## Exercise description
Nothing except the pictures should be left out when you reproduce the listing exactly.
[Opening Data records section]
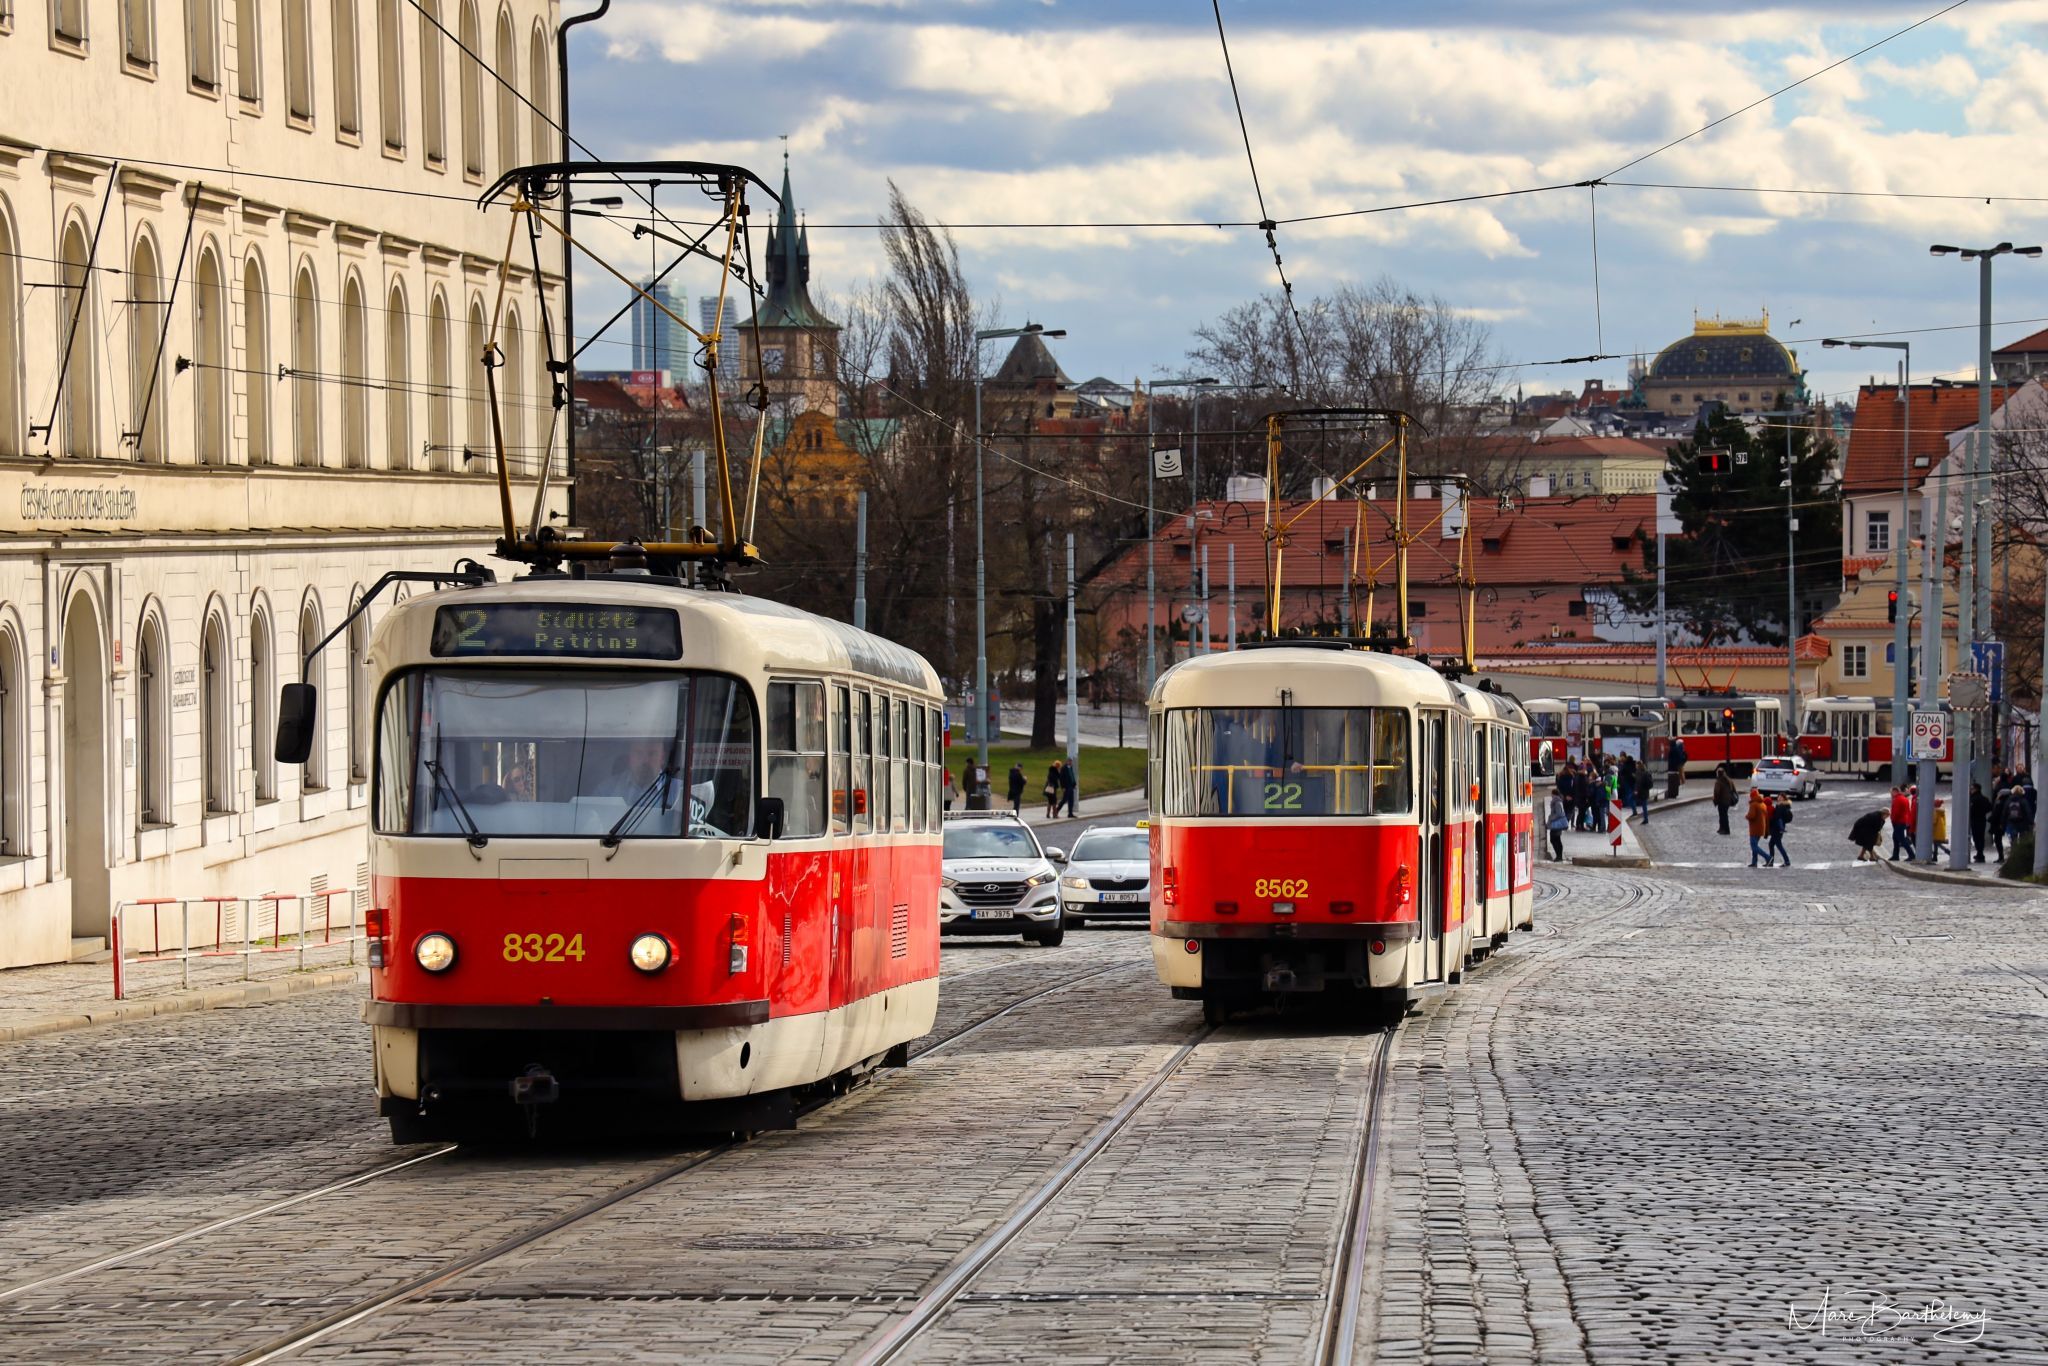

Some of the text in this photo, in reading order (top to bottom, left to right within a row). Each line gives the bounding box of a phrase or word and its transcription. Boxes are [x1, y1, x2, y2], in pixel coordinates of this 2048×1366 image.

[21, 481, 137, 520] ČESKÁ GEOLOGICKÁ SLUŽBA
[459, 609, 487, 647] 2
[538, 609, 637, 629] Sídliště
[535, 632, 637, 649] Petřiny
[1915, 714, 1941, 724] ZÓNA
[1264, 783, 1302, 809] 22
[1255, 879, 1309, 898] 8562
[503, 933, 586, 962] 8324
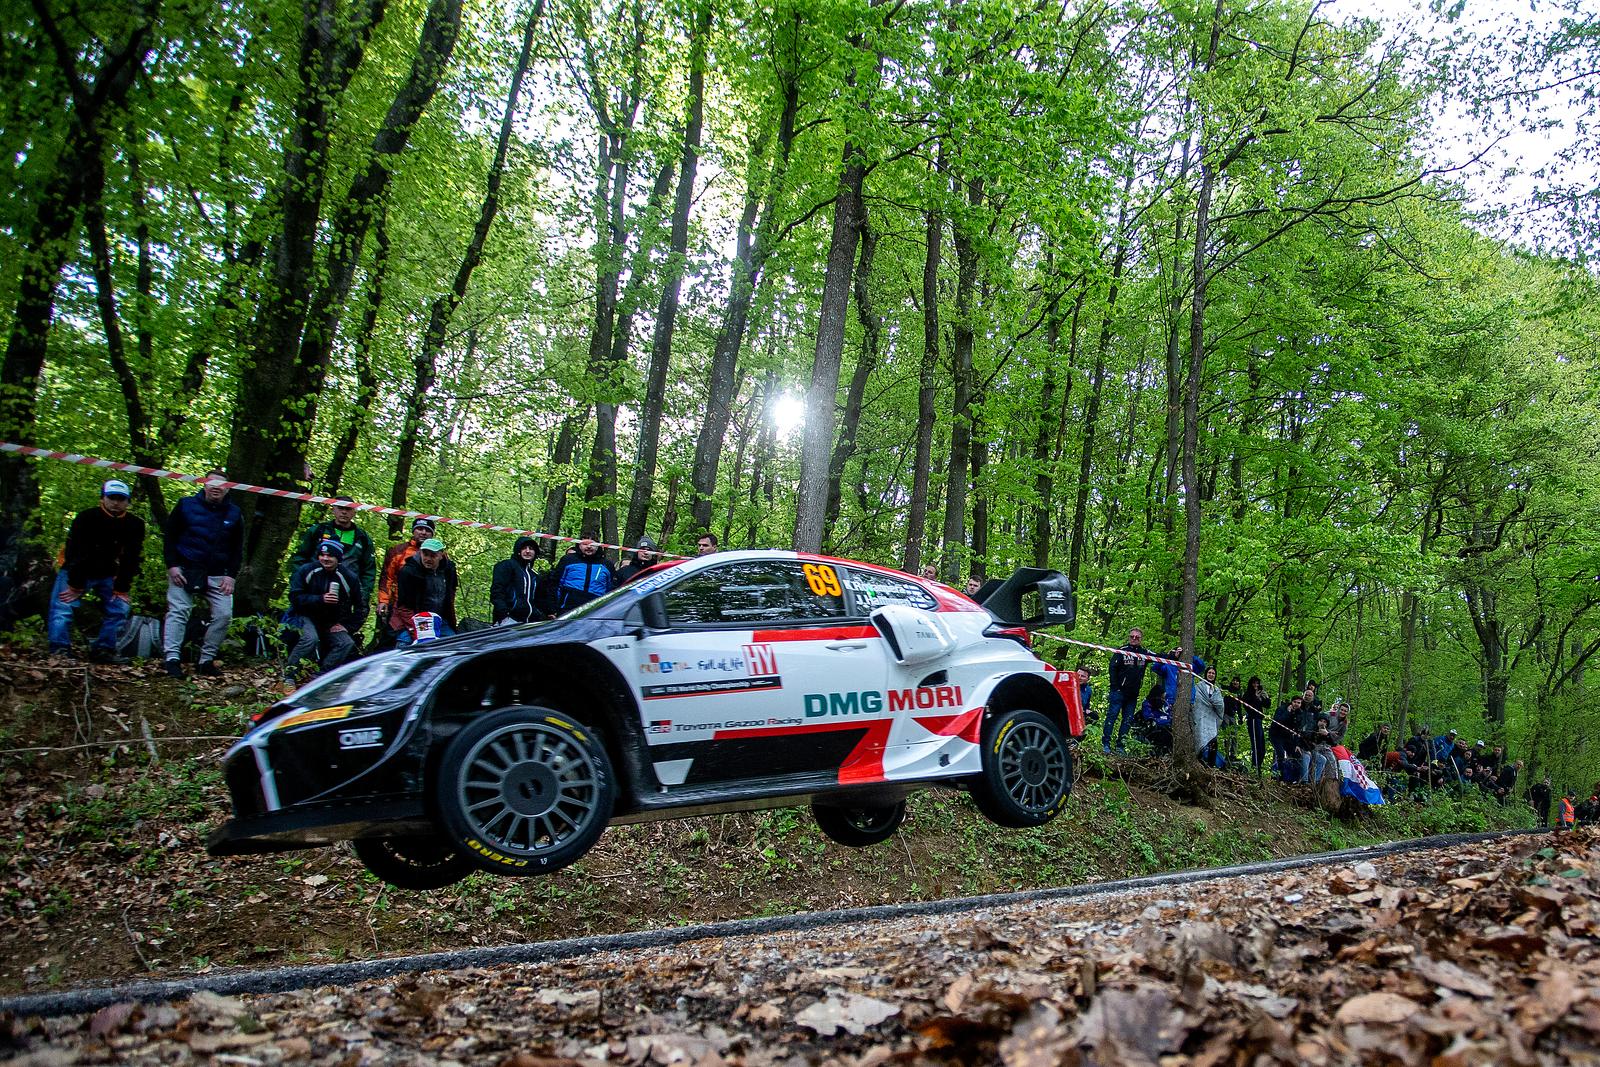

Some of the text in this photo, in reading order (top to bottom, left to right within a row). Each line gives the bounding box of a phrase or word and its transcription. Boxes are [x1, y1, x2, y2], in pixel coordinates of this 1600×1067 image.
[Closing Data records section]
## Exercise result
Some of the text in this photo, in reading order (top to bottom, left to right within a row). Each line gives the bounding box of a phrase or word and its transcription. Boxes are [x1, y1, x2, y2], in pixel coordinates of this 2048×1366 image.

[21, 481, 137, 520] ČESKÁ GEOLOGICKÁ SLUŽBA
[459, 609, 487, 647] 2
[538, 609, 637, 629] Sídliště
[535, 632, 637, 649] Petřiny
[1915, 714, 1941, 724] ZÓNA
[1264, 783, 1302, 809] 22
[1255, 879, 1309, 898] 8562
[503, 933, 586, 962] 8324

Some of the text in this photo, in reading order (top to bottom, left to right within a row). Each line gives the bounding box of a phrase or word and its transcription. Boxes are [x1, y1, x2, y2], in pixel coordinates of this 1600×1067 image.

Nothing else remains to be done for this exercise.